Synopsis : Tout oppose Félix et Meira. Lui mène une vie sans responsabilité ni attache. Son seul souci, dilapider l’héritage familial. Elle est une jeune femme juive hassidique, mariée et mère d’un enfant, s’ennuyant dans sa communauté. Rien ne les destinait à se rencontrer, encore moins à tomber amoureux.

Acteurs : Martin Dubreuil, Hadas Yaron, Luzer Twersky, Anne-Elisabeth Bossé.


 Félix, Meira... et Mommy !

Le Canadien Maxime Giroux nous propose ici son troisième long métrage. Comme d’autres avant lui, il sort de la « belle province » pour nous offrir un film remarquable à tous points et plus encore que son deuxième film, très sombre, Jo pour Jonathan, qui raconte l’histoire de deux jeunes frères, Jonathan et Thomas. Je ne l’ai pas (encore) vu car le DVD, actuellement introuvable, ne semble disponible qu’au Canada.

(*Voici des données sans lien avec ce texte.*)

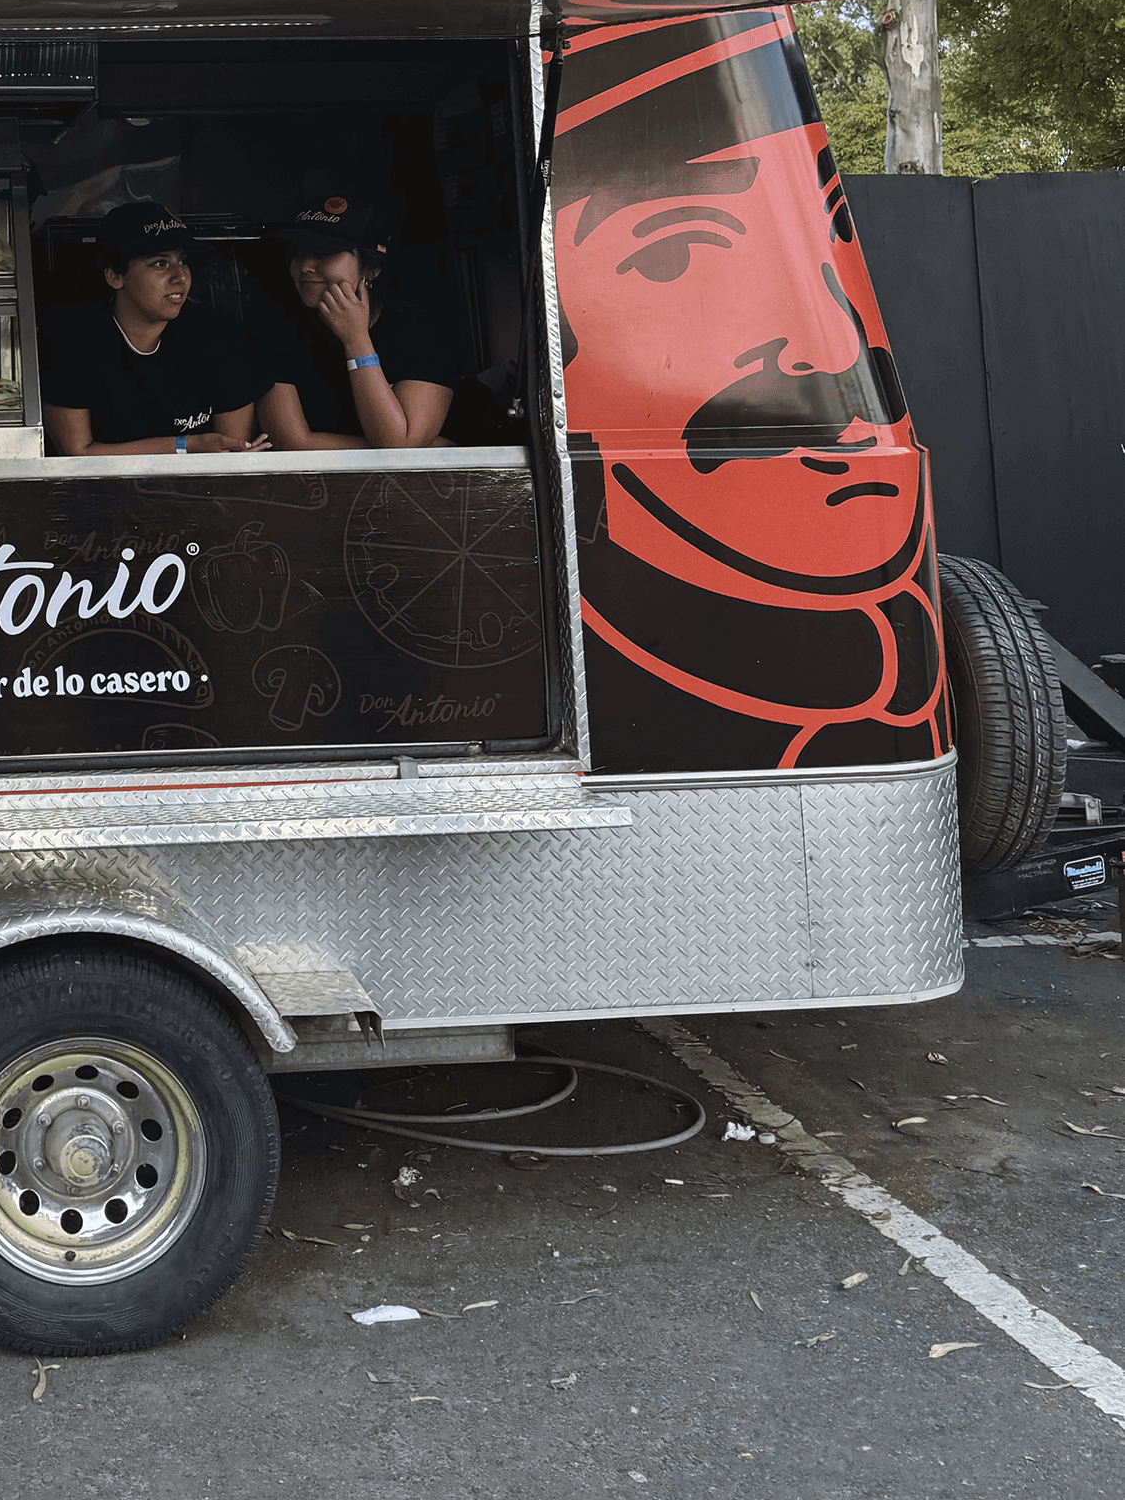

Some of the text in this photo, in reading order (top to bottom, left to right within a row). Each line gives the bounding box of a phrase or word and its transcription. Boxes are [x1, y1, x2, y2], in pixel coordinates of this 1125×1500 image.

Félix et Meira a été présenté au Festival international du film de Toronto ou il a remporté le prix du Meilleur film canadien, face à... l’excellent Mommy ! C’est tout dire. Comme pour d’autres festivals et/ou remises de prix ou distinctions où Mommy semblait incontournable, ce dernier s’est fait coiffer au poteau. Les cinéphiles qui, comme moi, ont aimé Mommy peuvent le regretter. Il n’empêche que le jury canadien attire ainsi notre attention sur un film qui risquerait d’être boudé, notamment à cause des thèmes abordés.

 Au temps des barbus !

Mon intertitre aurait pu s’intituler « autant de barbus ! » ! Mais, s’agissant de protagonistes dont la pilosité est à ce point importante, celle-ci l’est plus encore en ce début d’année 2015. Le sujet est délicat, d’autant plus délicat que ces barbes définissent des humains, pour le meilleur et pour le pire, et dessinent entre eux des frontières. Le film nous fait entrer de plain-pied dans une communauté hassidique. Le hassidisme est l’une des branches de l’orthodoxie juive, née au XVIIIe siècle, à l’Est de l’Europe. Il revendique le respect strict des traditions et de la loi tout en valorisant une joyeuse communion avec le Seigneur, notamment par la danse et le chant.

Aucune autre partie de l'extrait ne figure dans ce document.